Antibody-drug conjugates (ADCs) are among the most significant advances in clinical cancer treatments, however, they are haunted with fundamental issues like low drug/antibody ratio (DAR), need of large amount of antibody, and complex chemistry. Targeted nanomedicines while offering a promising alternative to ADCs are afflicted with drug leakage and inferior cancer-specificity. Herein, we developed an intelligent cell-selective nanotoxin based on anti-CD44 antibody-polymersome-DM1 conjugates (aCD44-AP-DM1) for potent treatment of solid tumors.
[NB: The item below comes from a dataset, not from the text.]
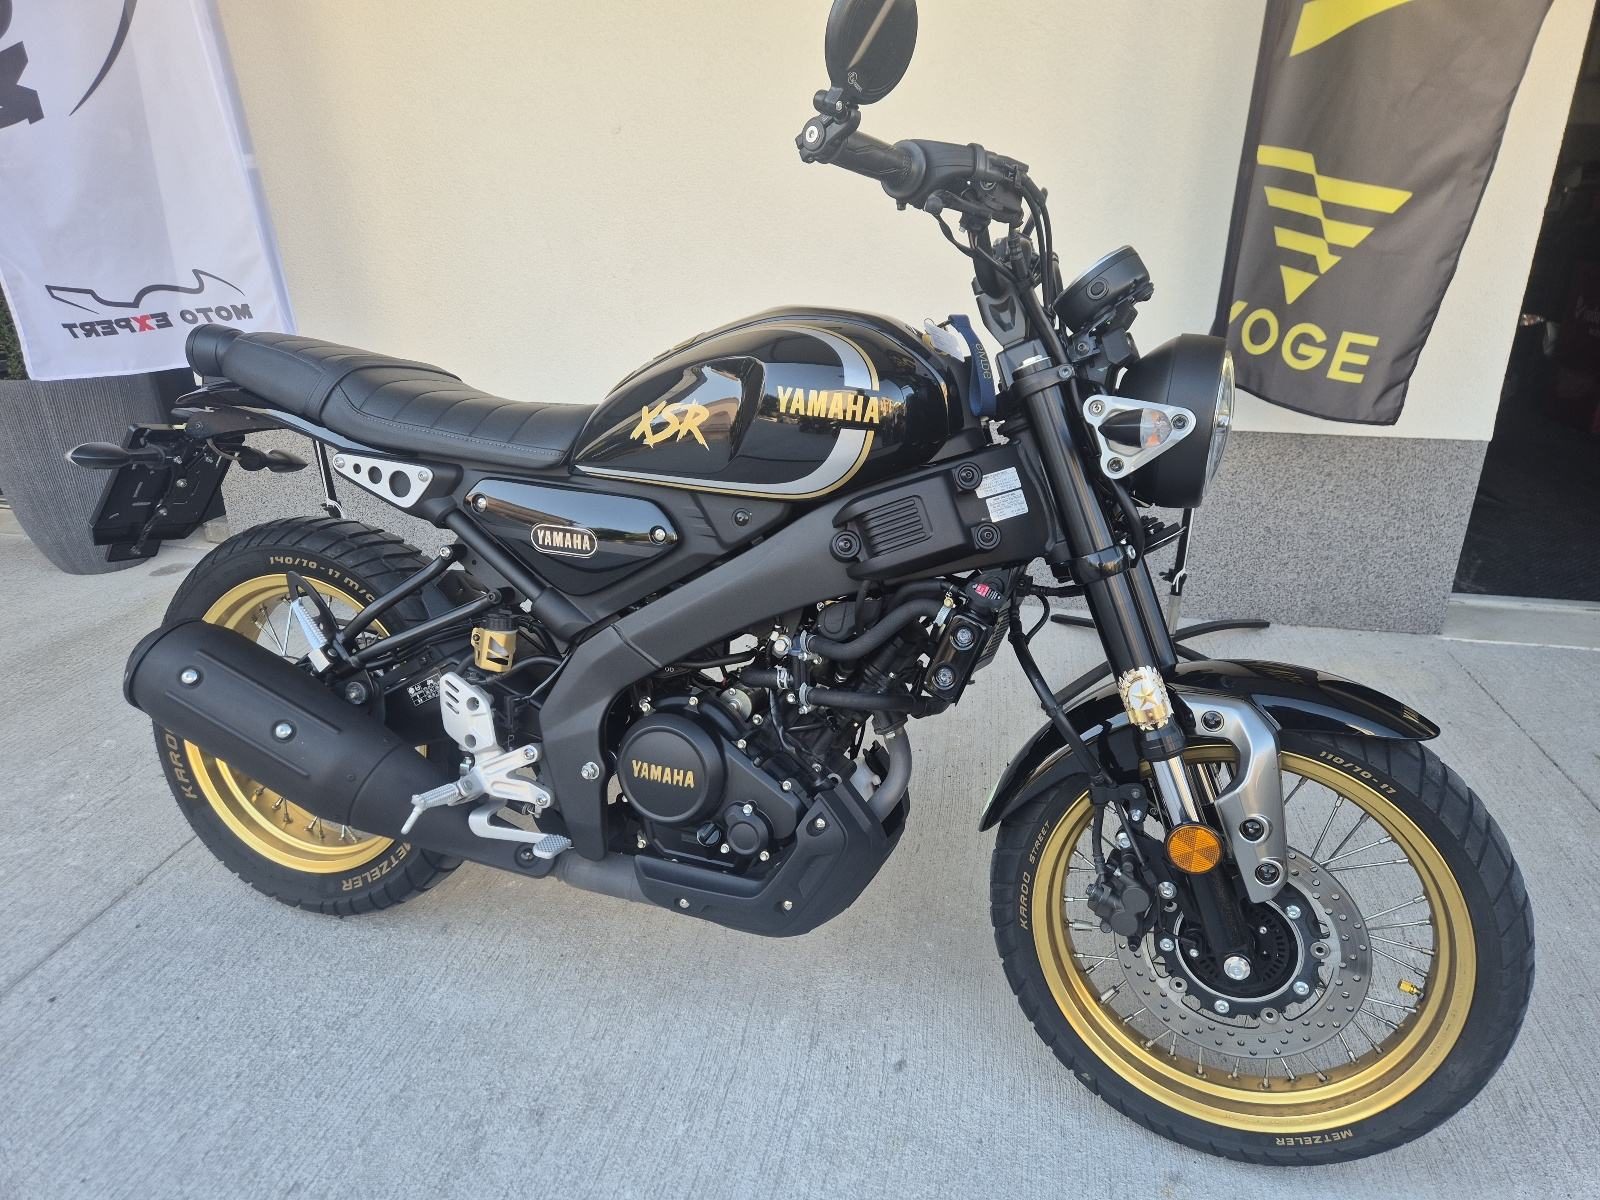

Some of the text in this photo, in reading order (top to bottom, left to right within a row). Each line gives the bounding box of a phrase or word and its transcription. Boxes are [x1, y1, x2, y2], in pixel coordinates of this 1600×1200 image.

DM1 was simultaneously coupled to vesicular membrane via disulfide bonds during self-assembly and anti-CD44 antibody was facilely clicked onto polymersome surface, tailor-making an optimal aCD44-AP-DM1 with a controlled antibody density of 5.0, extraordinary DAR of 275, zero drug leakage and rapid reduction-responsive DM1 release. aCD44-AP-DM1 displayed a high specificity and exceptional cytotoxicity toward MDA-MB-231 triple negative breast cancer, SMMC-7721 hepatocellular carcinoma and A549 non-small cell lung cancer cells with half-maximal inhibitory concentrations (IC50) of 21.4, 3.7 and 64.6 ng/mL, respectively, 3.6–47.2-fold exceeding non-targeted P-DM1. Intriguingly, the systemic administration of aCD44-AP-DM1 significantly suppressed subcutaneous MDA-MB-231 tumor xenografts in nude mice while intratumoral injection achieved complete tumor eradication in four out of five mice, without causing toxicity. This intelligent cell-selective nanotoxin has emerged as a better platform over ADCs for targeted cancer therapy.